My last post drew the question (from Suzanne):
"One thing... why no helmet? I've been curious about that given your safety concerns..and working with a young horse. Curious..."I don't honestly have any reason--let alone a compelling argument--as to why I don't wear a helmet. I used to when I rode my bicycle to commute. I don't have any vanity issues--trust me, vanity is hard to come by when there is always horse snot on your shirt.
My flip response is, "I never land on my head," which is true but not the real answer. (I really need to be wrapped in bubble wrap, if we get right down to it.) The other not-so-flip part of my answer is that Christopher Reeves was wearing a helmet and it didn't prevent the injury that changed his life forever.

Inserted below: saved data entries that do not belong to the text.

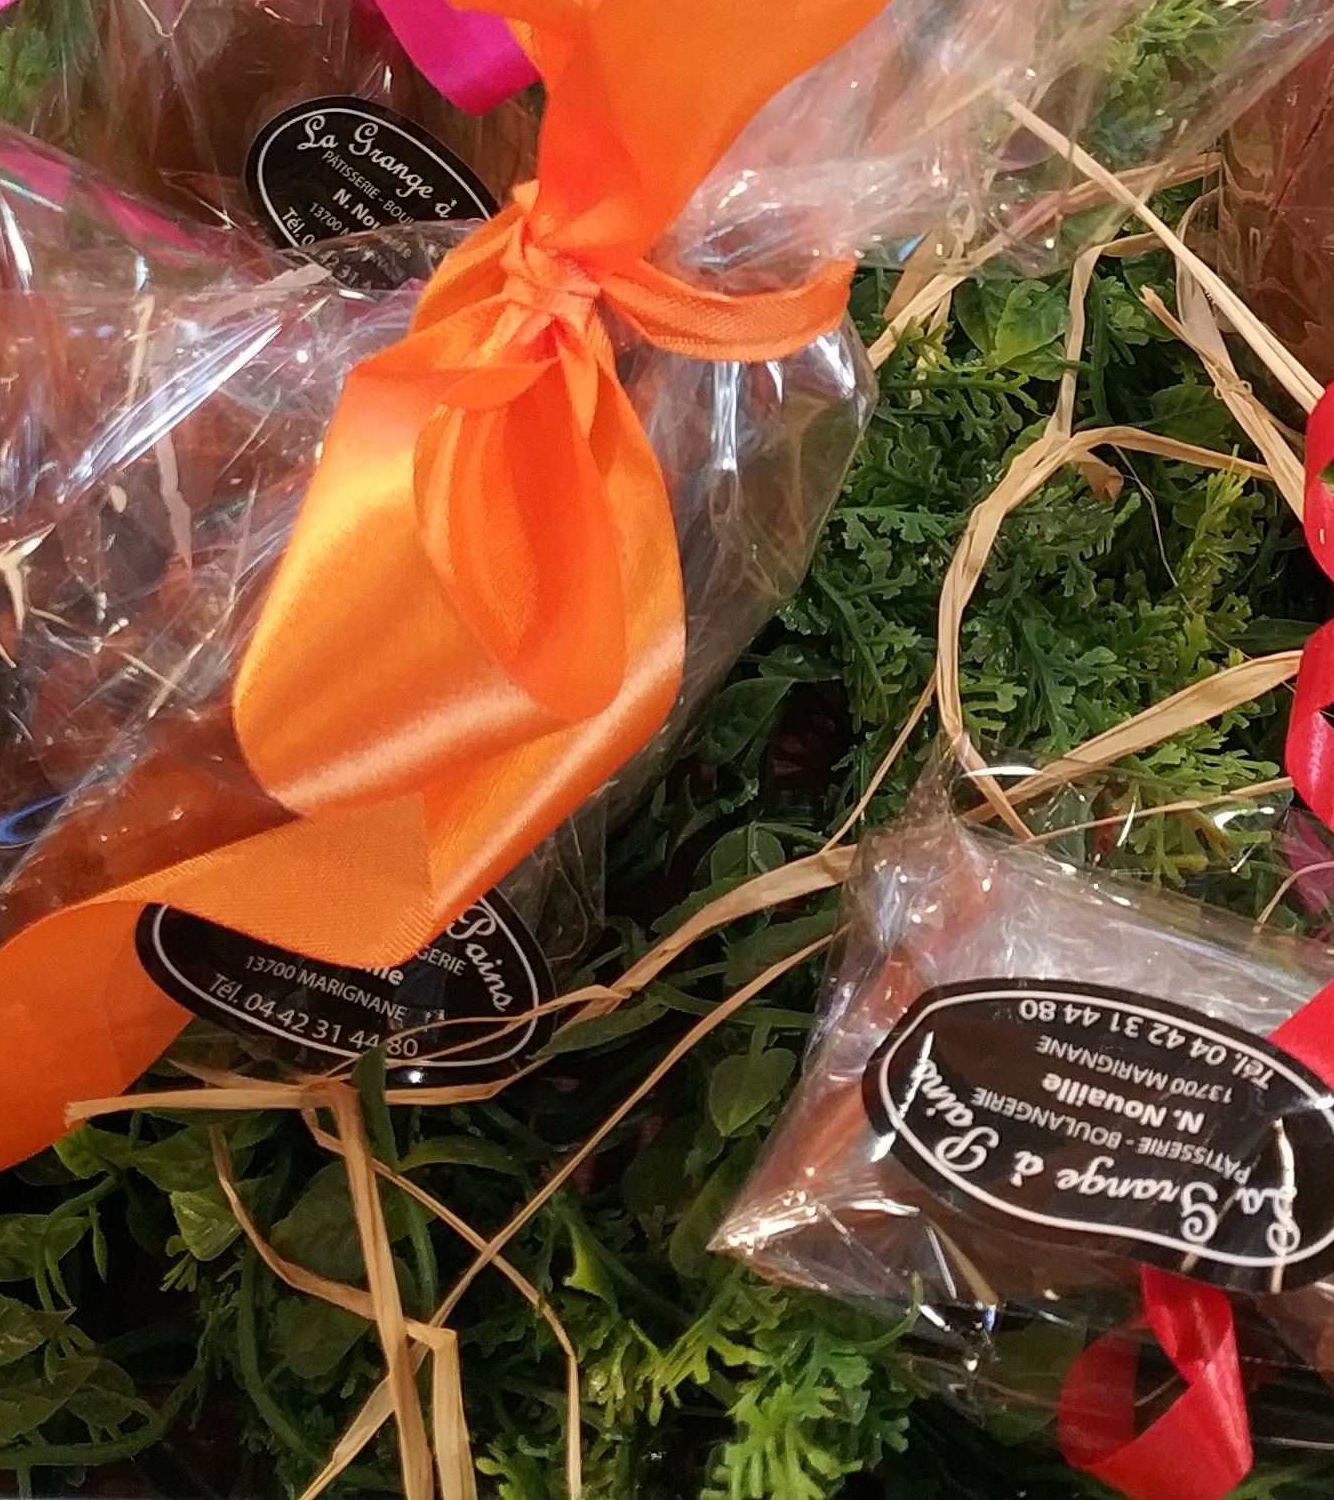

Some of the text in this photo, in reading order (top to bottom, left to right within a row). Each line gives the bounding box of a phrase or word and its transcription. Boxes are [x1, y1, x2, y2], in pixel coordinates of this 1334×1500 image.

[296, 115, 339, 151] La
[348, 122, 434, 199] Grange
[434, 198, 458, 219] à
[332, 188, 350, 210] N.
[280, 206, 303, 239] Tél.
[308, 202, 343, 232] 13700
[245, 955, 295, 980] 13700
[296, 968, 408, 1021] MARIGNANE
[445, 905, 514, 1012] Pains
[209, 973, 418, 1057] Tél. 04 42 31 44 80
[1019, 999, 1274, 1091] Tél. 04 42 31 44 80
[1036, 1035, 1233, 1104] 13700 MARIGNANE
[972, 1085, 1119, 1151] BOULANGERIE
[1043, 1073, 1205, 1134] N. Nouaille
[918, 1059, 1300, 1253] La Grange à Pains

Steve, who has had a concussion, still doesn't wear a helmet. He hates things on his head, always has. I don't have that excuse and you'll see me with a hat on more often than not.

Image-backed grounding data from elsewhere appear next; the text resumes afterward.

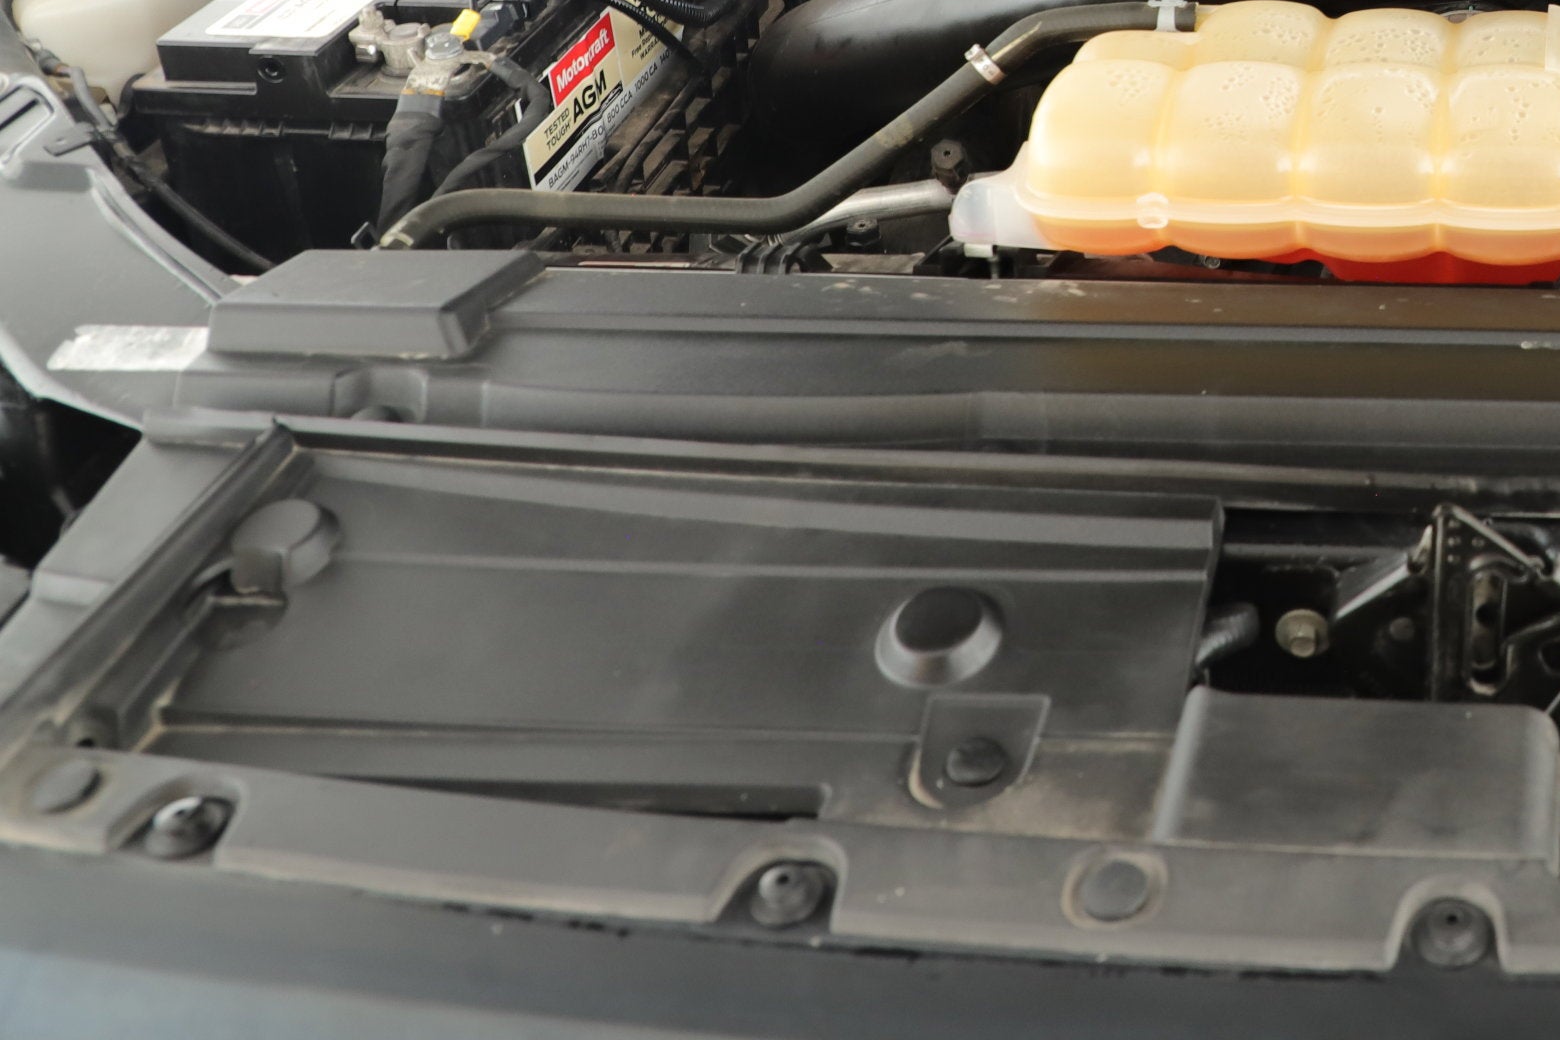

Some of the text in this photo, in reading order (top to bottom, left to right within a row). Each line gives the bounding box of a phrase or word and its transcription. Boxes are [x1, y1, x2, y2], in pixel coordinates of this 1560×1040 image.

[572, 70, 607, 124] AGM
[619, 91, 633, 109] CCA
[634, 74, 649, 91] 1000
[649, 62, 658, 76] CA
[544, 108, 570, 139] TESTED
[546, 122, 571, 150] TOUGH

So why don't I wear a helmet?
I don't really know.
Since I don't know, I'm going to try a helmet-wearing experiment this week and see what I find out.
Will it change the way I ride? Will it annoy me? Will it do absolutely nothing except keep my noggin a little safer should my horse do anything odd? (Which, by the way, he has not done since our accident in April of last year when I broke my butt.)
There are certain things that, were I doing them, a helmet would be worn--jumping (I'd like to) and eventing (not likely) among them. But it is my right to choose--my head, my decision--helmet police be damned.
|Yep, here I am, without a helmet.|
I am not including Suzanne in their numbers AT ALL. Her comment--based on the history she has followed for quite some time--is exceedingly valid and she's given me a lot to think about and consider for which I thank her. I'm talking about the folks who are compelled to comment on every. single. picture. of riders without helmets. Stoppit already.
Could a helmet prevent a concussion or other traumatic brain injury? Yes. Can it prevent other catastrophic injuries like paralysis? No.
The best prevention is staying on the horse--something I continue to improve on--and learning to fall. All things considered, I fall pretty well. Broken arm and butt, but no head so far--knock wood.
I don't know (yet) if I'm making the right decision, so I'm willing to experiment with noggin-coverage to see how I feel about it. But in the end, it is my risk, my choice. Steve and Katie--those who would be most affected--respect my decision and we've had the appropriate discussions about all the "what ifs" that could be.
Gabrielle Giffords surely did not expect to rebuild her entire life--from motor skills to speech--but she is doing it with an amazing determination. I at least know and understand the risk I take, each and every time I get on that horse, and I accept what it could mean. She had no warning, none, and yet she survived and continues to improve.
Life is short. Life is unpredictable. I drive a tiny convertible because I love the sun on my shoulders and the wind in my hair but I also wear a seat belt.
I don't know where the horse-helmet-safety balance is, yet, but I do know I have accepted all the risks. Or at very least accepted that despite my best efforts, I can't always control every nuance of the universe.
The journey is the journey, no matter what path it takes.